Today, the BBC aired an unmissable documentary about the legendary Soviet 46th Night Bombers Guards Regiment, the first female combat fighter pilots in the world.

It is a poignant story of thousands of women, many of them teenage girls, overcoming traditional gender roles to demonstrate extraordinary heroism in defence of their motherland.

But in focusing on two ace pilots in particular, it is equally a warning against the politicisation of WWII, which has lately been appropriated to show off nuclear missiles on Red Square, stir national chauvinism and even rehabilitate Stalin. So much so, in fact, that President Medvedev was recently moved to deliver an unprecedented attack on the revival of Stalin’s legacy.

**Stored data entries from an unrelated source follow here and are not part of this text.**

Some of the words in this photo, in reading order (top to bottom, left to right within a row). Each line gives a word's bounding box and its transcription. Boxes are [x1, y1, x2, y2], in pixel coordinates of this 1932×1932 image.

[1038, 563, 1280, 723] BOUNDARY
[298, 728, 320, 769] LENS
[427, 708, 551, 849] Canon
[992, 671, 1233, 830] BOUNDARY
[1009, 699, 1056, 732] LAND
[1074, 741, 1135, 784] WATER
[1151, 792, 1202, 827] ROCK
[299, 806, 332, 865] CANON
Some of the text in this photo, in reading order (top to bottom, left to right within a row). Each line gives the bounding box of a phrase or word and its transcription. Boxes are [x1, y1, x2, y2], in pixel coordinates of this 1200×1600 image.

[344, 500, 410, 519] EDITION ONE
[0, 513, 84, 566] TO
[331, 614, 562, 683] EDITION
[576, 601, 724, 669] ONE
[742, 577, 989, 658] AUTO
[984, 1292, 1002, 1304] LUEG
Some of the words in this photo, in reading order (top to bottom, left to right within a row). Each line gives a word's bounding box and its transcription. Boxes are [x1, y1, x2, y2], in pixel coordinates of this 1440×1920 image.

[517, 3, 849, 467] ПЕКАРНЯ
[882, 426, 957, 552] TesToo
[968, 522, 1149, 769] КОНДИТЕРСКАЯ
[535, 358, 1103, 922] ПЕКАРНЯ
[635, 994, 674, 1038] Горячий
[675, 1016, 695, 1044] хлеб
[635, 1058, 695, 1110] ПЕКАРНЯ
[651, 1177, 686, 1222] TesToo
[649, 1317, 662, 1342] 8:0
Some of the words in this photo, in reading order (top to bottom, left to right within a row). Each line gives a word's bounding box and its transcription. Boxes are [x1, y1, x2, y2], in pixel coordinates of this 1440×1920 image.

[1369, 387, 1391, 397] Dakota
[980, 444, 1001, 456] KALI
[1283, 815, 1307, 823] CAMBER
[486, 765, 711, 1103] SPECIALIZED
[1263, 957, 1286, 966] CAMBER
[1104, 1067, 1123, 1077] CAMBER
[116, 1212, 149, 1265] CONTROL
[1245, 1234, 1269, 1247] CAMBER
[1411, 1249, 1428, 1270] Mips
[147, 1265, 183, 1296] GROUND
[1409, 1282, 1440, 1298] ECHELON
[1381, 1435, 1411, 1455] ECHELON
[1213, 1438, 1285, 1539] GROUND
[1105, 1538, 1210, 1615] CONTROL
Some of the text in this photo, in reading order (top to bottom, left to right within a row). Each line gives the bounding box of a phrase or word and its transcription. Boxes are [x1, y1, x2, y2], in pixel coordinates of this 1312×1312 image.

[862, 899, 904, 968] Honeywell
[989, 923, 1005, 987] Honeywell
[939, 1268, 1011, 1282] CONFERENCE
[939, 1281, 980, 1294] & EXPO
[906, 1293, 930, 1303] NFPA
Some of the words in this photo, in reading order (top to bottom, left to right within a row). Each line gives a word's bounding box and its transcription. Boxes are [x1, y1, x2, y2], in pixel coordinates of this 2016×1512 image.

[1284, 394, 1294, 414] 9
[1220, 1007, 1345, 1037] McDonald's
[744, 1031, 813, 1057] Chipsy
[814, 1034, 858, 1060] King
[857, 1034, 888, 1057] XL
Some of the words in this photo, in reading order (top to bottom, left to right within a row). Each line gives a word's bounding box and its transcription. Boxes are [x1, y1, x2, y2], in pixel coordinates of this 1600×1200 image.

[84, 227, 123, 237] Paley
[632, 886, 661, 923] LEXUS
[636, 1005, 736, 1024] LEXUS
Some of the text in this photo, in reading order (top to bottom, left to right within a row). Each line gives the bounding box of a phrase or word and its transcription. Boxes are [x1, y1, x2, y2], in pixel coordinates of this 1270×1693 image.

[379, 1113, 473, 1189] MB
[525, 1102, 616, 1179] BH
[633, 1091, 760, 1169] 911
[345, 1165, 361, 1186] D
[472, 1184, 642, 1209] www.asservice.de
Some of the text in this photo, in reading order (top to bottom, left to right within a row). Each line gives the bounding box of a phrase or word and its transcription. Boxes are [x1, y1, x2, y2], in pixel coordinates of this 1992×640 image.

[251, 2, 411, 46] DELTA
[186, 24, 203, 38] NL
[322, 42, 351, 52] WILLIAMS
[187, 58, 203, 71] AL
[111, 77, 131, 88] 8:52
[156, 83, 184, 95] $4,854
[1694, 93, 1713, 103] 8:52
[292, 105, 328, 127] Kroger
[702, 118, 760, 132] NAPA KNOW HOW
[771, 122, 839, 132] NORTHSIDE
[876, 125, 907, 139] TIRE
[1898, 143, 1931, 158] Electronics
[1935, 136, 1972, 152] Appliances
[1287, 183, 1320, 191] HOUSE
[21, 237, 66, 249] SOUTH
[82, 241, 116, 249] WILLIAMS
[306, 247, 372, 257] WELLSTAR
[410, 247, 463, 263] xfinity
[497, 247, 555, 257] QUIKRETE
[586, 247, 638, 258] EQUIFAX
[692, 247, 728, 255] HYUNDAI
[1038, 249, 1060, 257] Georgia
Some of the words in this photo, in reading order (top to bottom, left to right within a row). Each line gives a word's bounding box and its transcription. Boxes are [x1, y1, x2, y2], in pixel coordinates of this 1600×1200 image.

The author-narrator, Lucy Ash, speaks with some of these last remaining heros, including Galina Beltsova, a highly decorated fighter pilot feted by the Kremlin. Beltsova recalls the fear of being captured by the Germans; tears spring to her eyes when describing the break-up of the USSR.

But then there is her comrade Anna Yegorova. Hit by anti-aircraft fire, badly burnt and with a damaged parachute, she fell to the ground, suffering serious injuries. “The most dreadful thing’, she recalls, ‘was opening my eyes and seeing Germans in front of me’.

She then spent 5 months in a Nazi concentration camp. Yet shockingly, what was more harrowing still was her treatment afterwards by her own people.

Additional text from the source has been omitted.